When I look in fail2ban status there is about 1100 bans

SYSTEM INFORMATION
OS type and version Ubuntu 20.04
Virtualmin version Latest

When I look at fail2ban status there is about 1100 banned ip. If I stop and start fail2ban there is no bans but 5 minutes later all the bans are back. I use Firewalld. Where can all this bans come from

Nefarious sources. :frowning:

You might see if you can recognize some patterns and start blocking by CIDR.

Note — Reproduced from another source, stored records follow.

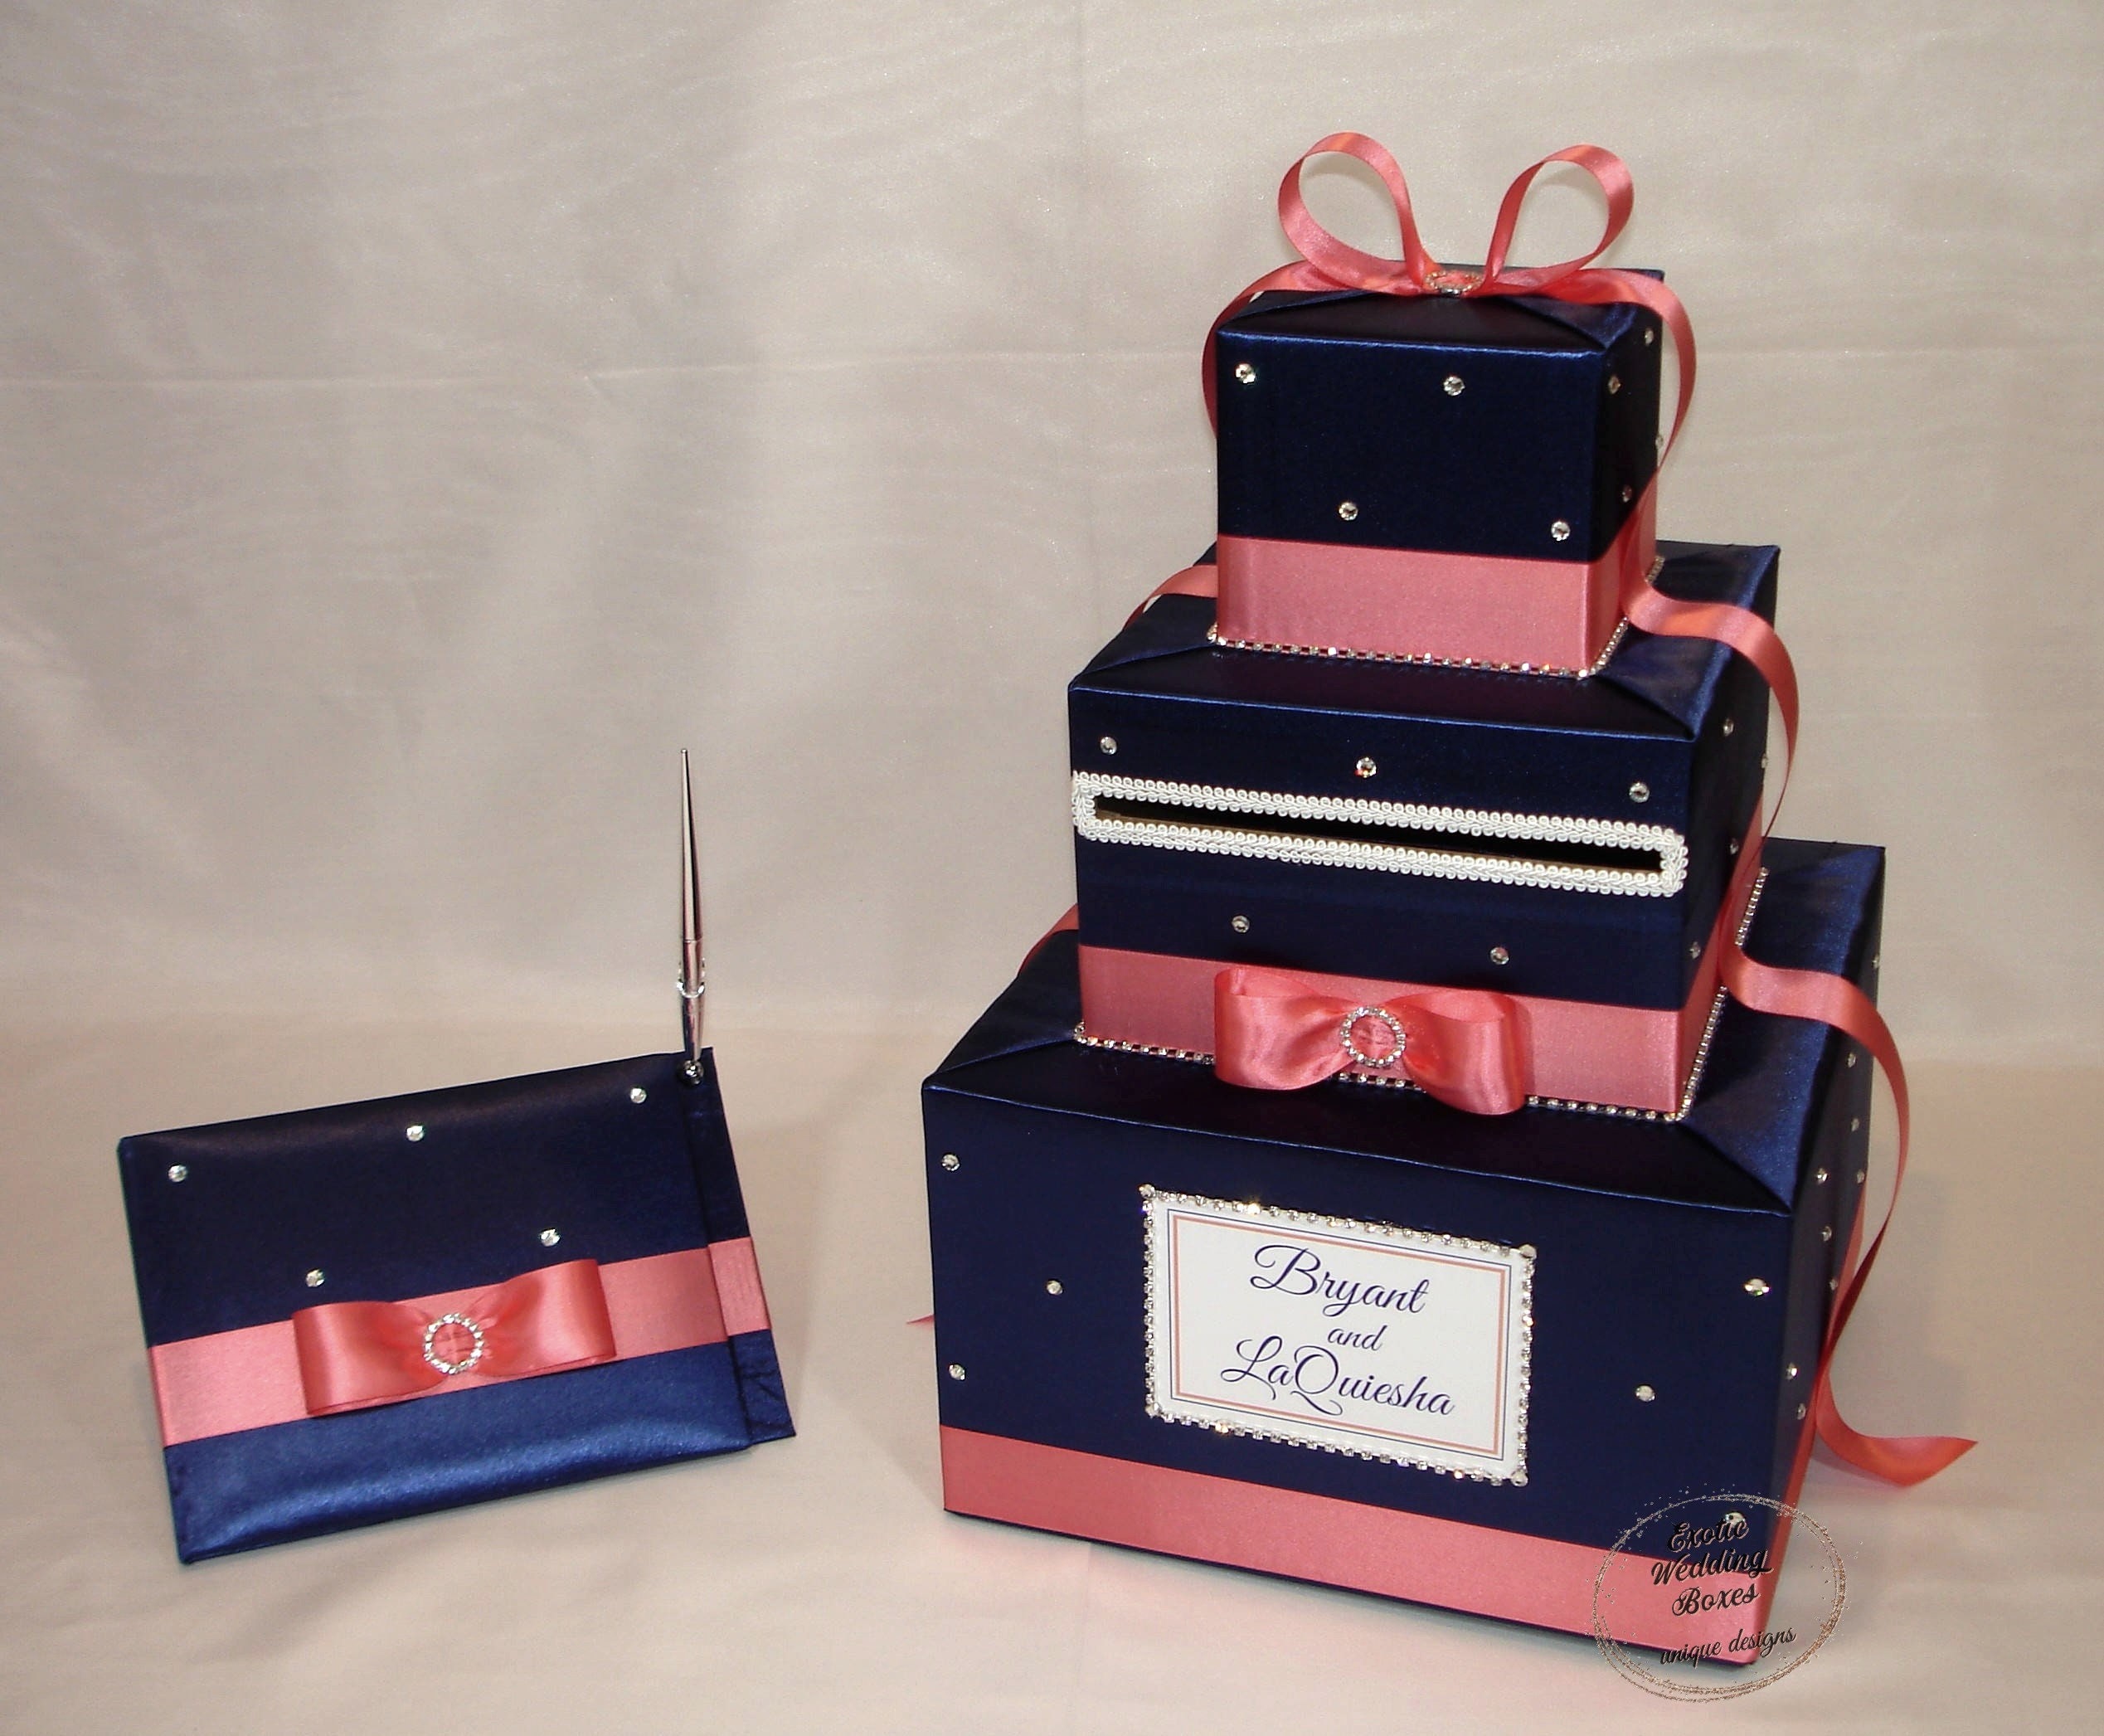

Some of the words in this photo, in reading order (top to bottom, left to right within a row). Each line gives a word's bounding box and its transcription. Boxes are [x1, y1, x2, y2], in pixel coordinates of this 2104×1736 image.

[1250, 1245, 1429, 1317] Bryant
[1327, 1325, 1387, 1351] and
[1221, 1335, 1455, 1416] LaQuiesha
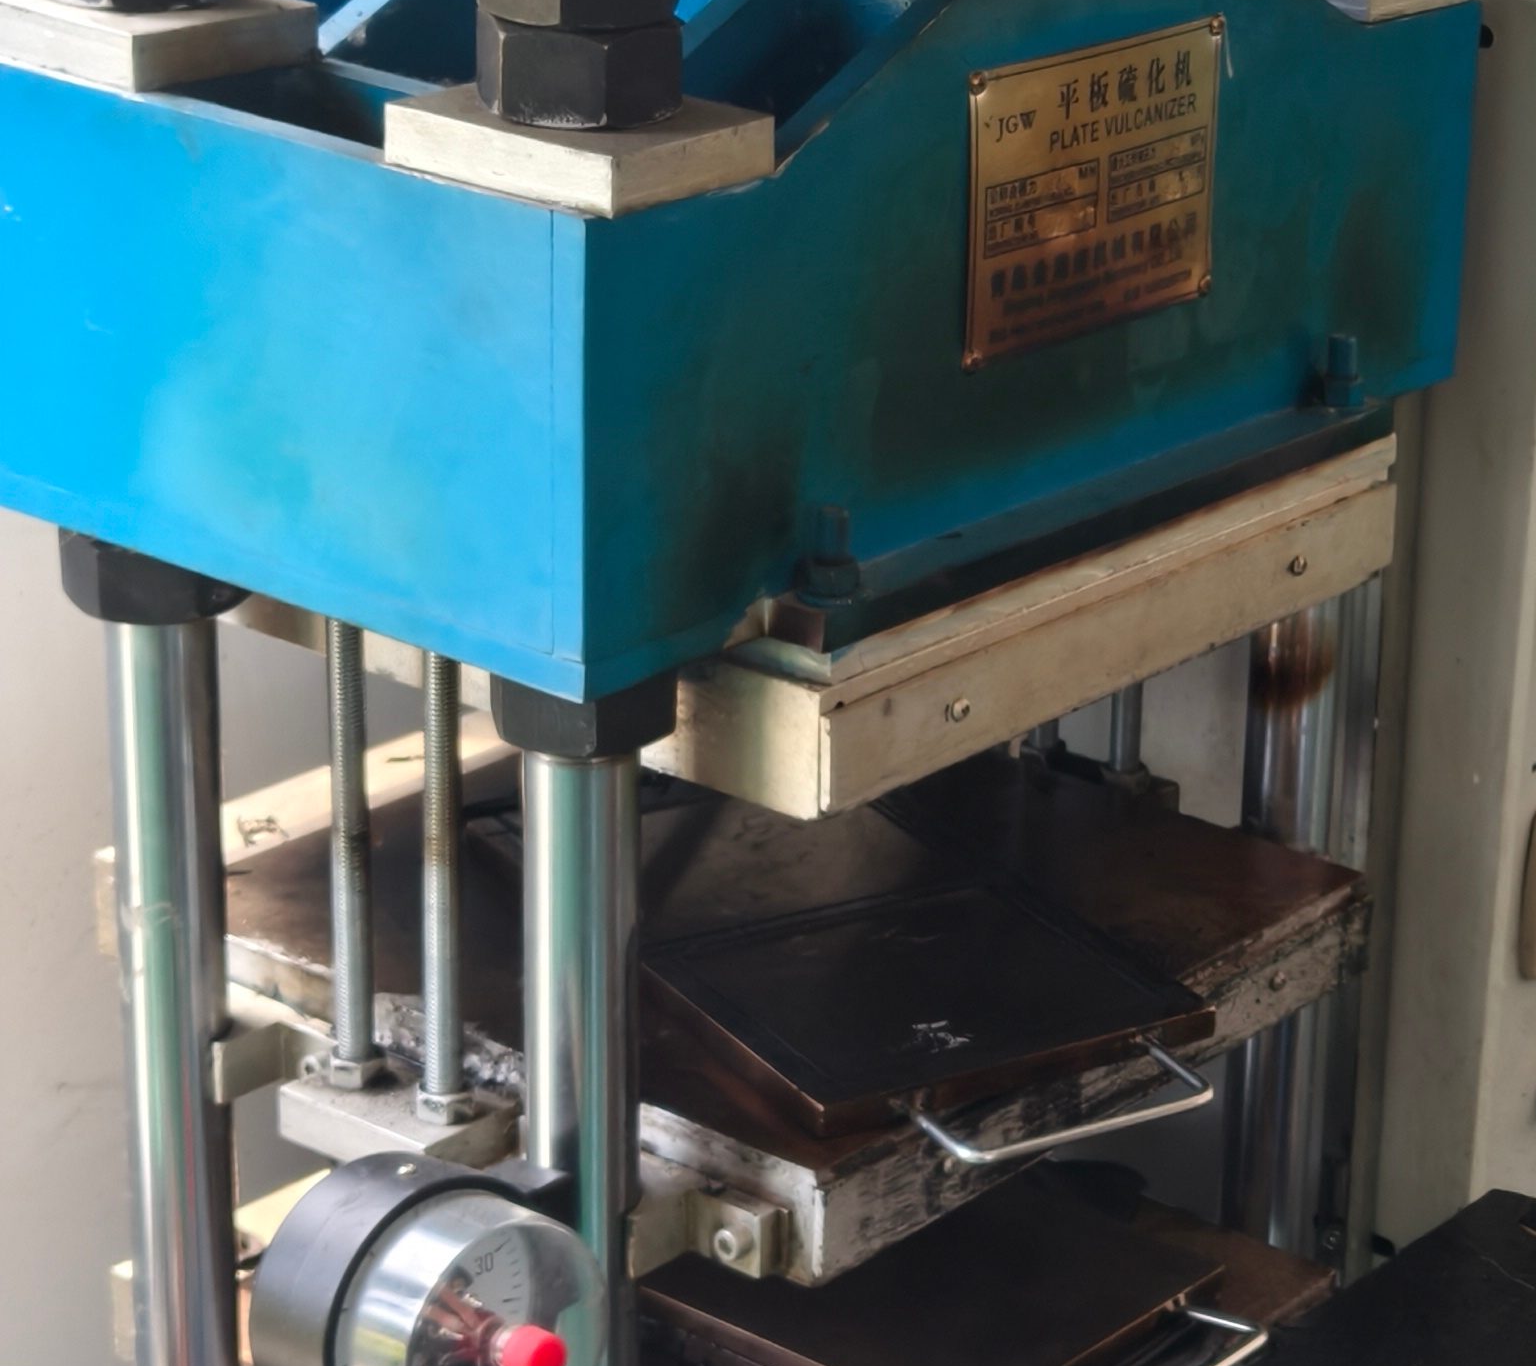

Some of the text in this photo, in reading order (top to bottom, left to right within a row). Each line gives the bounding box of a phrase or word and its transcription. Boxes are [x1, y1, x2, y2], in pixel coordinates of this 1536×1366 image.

[1057, 50, 1192, 120] 平板硫化机
[996, 109, 1037, 143] JGW
[1049, 92, 1197, 153] PLATE VULCANIZER
[473, 1251, 495, 1277] 30
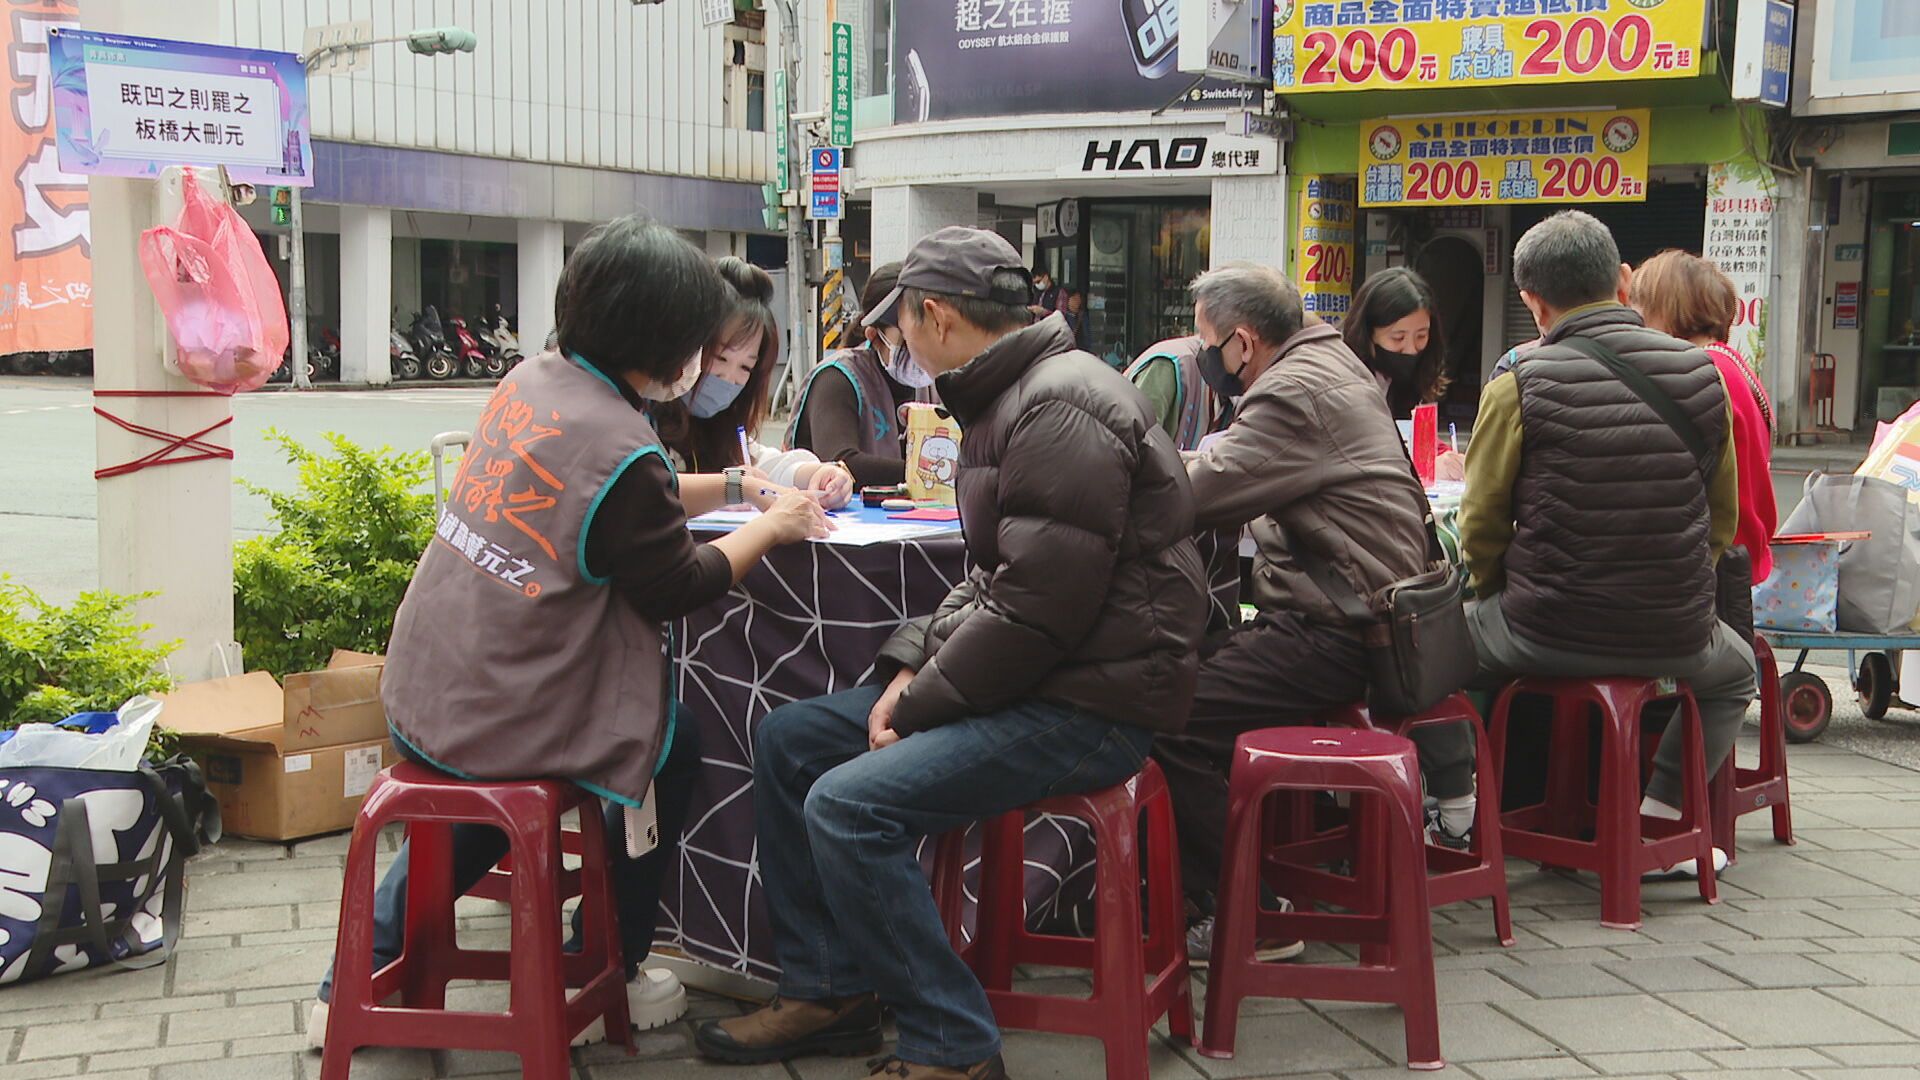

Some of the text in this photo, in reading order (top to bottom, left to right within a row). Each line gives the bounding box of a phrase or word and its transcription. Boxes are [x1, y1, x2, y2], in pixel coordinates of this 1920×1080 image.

[958, 36, 996, 50] ODYSSEY
[836, 36, 849, 112] 館前東路
[1209, 50, 1239, 70] HAO
[1449, 50, 1514, 80] 床包組
[120, 82, 252, 116] 既凹之則罷之
[135, 117, 244, 147] 板橋大刪元
[1415, 116, 1589, 139] SHIBORDIN
[1082, 138, 1259, 171] HAO 總代理

but if I empty fail2ban and they then all come back in 5 minutes they must come from somewhere

This is a performance issue with fail2ban and firewalled you can speed this up by changing your jails to use iptables or as I have done ditch fail2ban and firewalld and use something else

Use like what?

I coded my own so I have complete control of the firewall and banning process but you could use csf which may be better than firewalld/fail2ban

I have 2 other servers without any CP so I control them with ssh and there I have ufw and fail2ban and that works great. But it is probably simpler because its a pure email server that is very locked down.

Note no firewalld , to get a perfomance increase change you fail2ban jails to use iptables rather than the default firewalld this may be enough performance increase to stop the problem you are seeing

I have now CSF installed instead and we have to see. For now there is a positive change in performance. I will dig down into tutorials about CSF to finetune it more.